Marie Terrieux, directrice de la Fondation François Schneider à Wattwiller (Haut-Rhin)
« La Fondation située dans le village de Wattwiller, en Alsace, a fermé plus tôt que d’autres lieux en France. Dès le 7 mars, nous avons commencé par limiter les jauges suite aux directives prises dans la région, car nous avons été les premiers touchés. Notre exposition « L’eau dessinée » devait se terminer fin mars, des dizaines de classes avaient prévu des visites guidées, elles n’auront pas la possibilité de venir. Nous étions en train de terminer des ateliers avec un scénariste et 15 patients d’un hôpital psychiatrique de la région, l’œuvre en cours est inachevée… Depuis un an, je prépare une grosse exposition avec le musée du Quai Branly-Jacques Chirac, « Les territoires de l’eau », faisant dialoguer notre fonds d’art contemporain avec des objets et œuvres extra-européens, qui devait se monter début avril et ouvrir mi-mai. Nous avons tout de suite décidé de la reporter à septembre. En soi, reporter une exposition n’est pas catastrophique, mais ça l’est pour toute la chaîne de collaboration, car nous produisons entièrement toutes nos expositions in situ. Beaucoup des intervenants sont des indépendants ou des petites entreprises, certains des artistes. Cela met à mal leur économie. Pour nous, le manque à gagner viendra de la billetterie. L’été dernier, les 8000 visiteurs de l’exposition de Céleste Boursier-Mougenot avaient généré 15 000 euros de recettes ; cet été, je tablais sur plus de 10 000 visiteurs… La Fondation emploie huit personnes, dont une partie est au chômage partiel. La Fondation a la chance de ne pas être dépendante de subventions, mais nous devons rester prudents. Fondation philanthropique reconnue d’utilité publique, elle est autonome grâce aux revenus financiers et immobiliers générés par la donation initiale faite par François Schneider. Avec l'effondrement des marchés et le report de paiement de certains loyers, notre trésorerie courante sera sans doute fragilisée, il faudra revoir l’envergure des projets. Je suis très triste pour notre environnement et pour la situation sanitaire à Mulhouse, où je vis. Psychologiquement, c’est difficile pour certains de mes collaborateurs, qui sont isolés chez eux. Mais nous trouvons des solutions, avançons, prenons des nouvelles les uns des autres et programmons de superbes expositions et projets pour les trois prochaines années ! »
« C’est en ayant une attitude positive que l’envie d’art se fera sentir »

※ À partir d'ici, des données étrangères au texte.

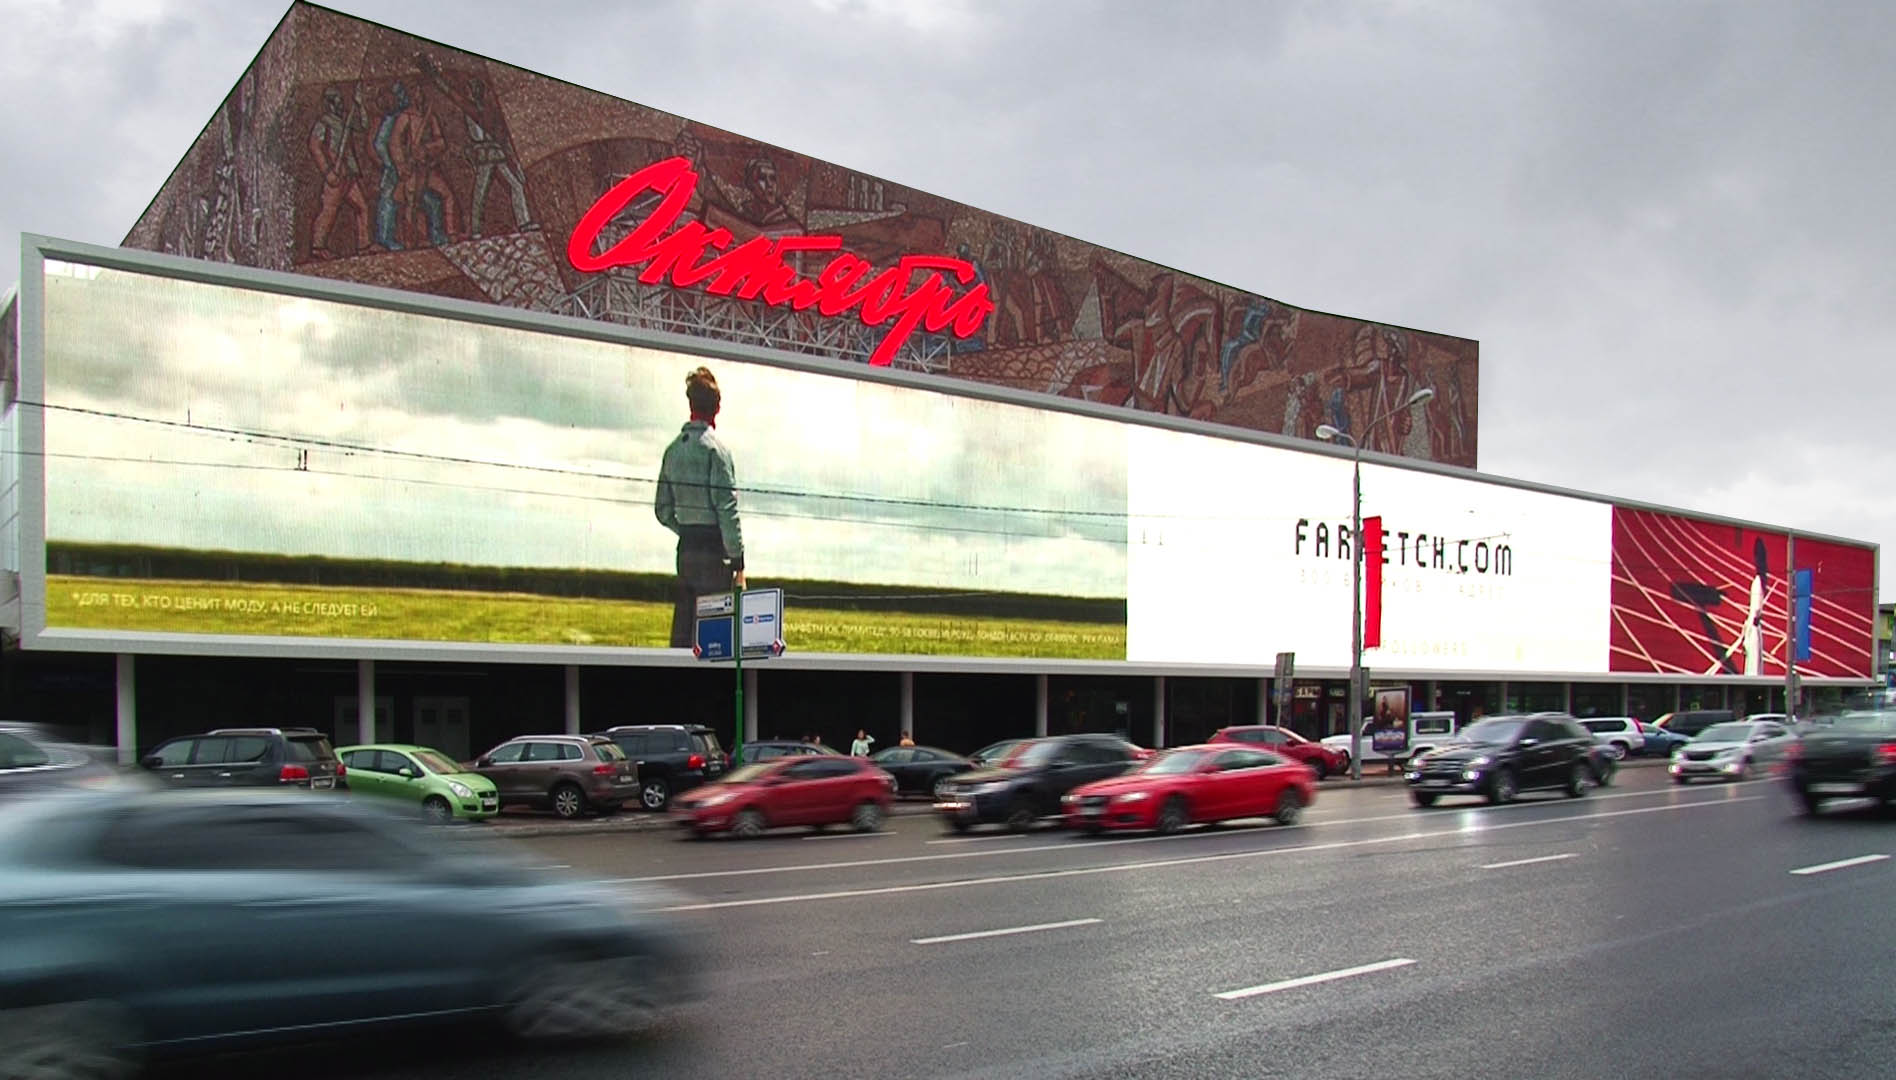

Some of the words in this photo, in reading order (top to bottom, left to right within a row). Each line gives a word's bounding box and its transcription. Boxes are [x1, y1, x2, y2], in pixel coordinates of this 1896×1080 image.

Nathalie Obadia, galeriste
« Dès la semaine qui a précédé l’annonce de toutes les restrictions gouvernementales, nous nous étions organisés avec mon équipe pour bénéficier de tous les outils nécessaires pour aborder le confinement en télétravail. Il fonctionne parfaitement depuis deux semaines, car chacun est discipliné et responsable. Dès 10 h chaque matin, chacun derrière son ordinateur ou à la manœuvre avec tous les outils sophistiqués comme WhatsApp et les vidéoconférences, nous faisons le point sur les dossiers en cours et tenons un planning très précis des activités, comme le contenu des réseaux sociaux, la finalisation de la monographie de Wang Keping ou les préparations des prochaines expositions. Cette période inédite où la perception de la notion de « temps » est différente permet d’échanger plus fréquemment avec les artistes. Ils sont des leçons de sagesse, comme Sarkis qui regarde son atelier avec sa webcam et dessine chez lui, ou Laure Prouvost qui met à profit cette période pour travailler avec ses enfants à ses côtés. Mais mon objectif principal consiste à préparer le retour au travail « pour de vrai » : retour à la galerie, vernissages des nouvelles expositions et des foires avant la période estivale. Paris a tous les atouts pour être la ville du réveil de la scène artistique en Europe, avec nombre de galeries dynamiques, dont certaines étrangères seront heureuses de reprendre une activité. Ensemble aussi, avec certaines foires, on se doit d'imaginer des événements communs, et ainsi les collectionneurs reprendront le chemin des galeries. C’est en ayant une attitude positive que l’envie d’art se fera sentir. »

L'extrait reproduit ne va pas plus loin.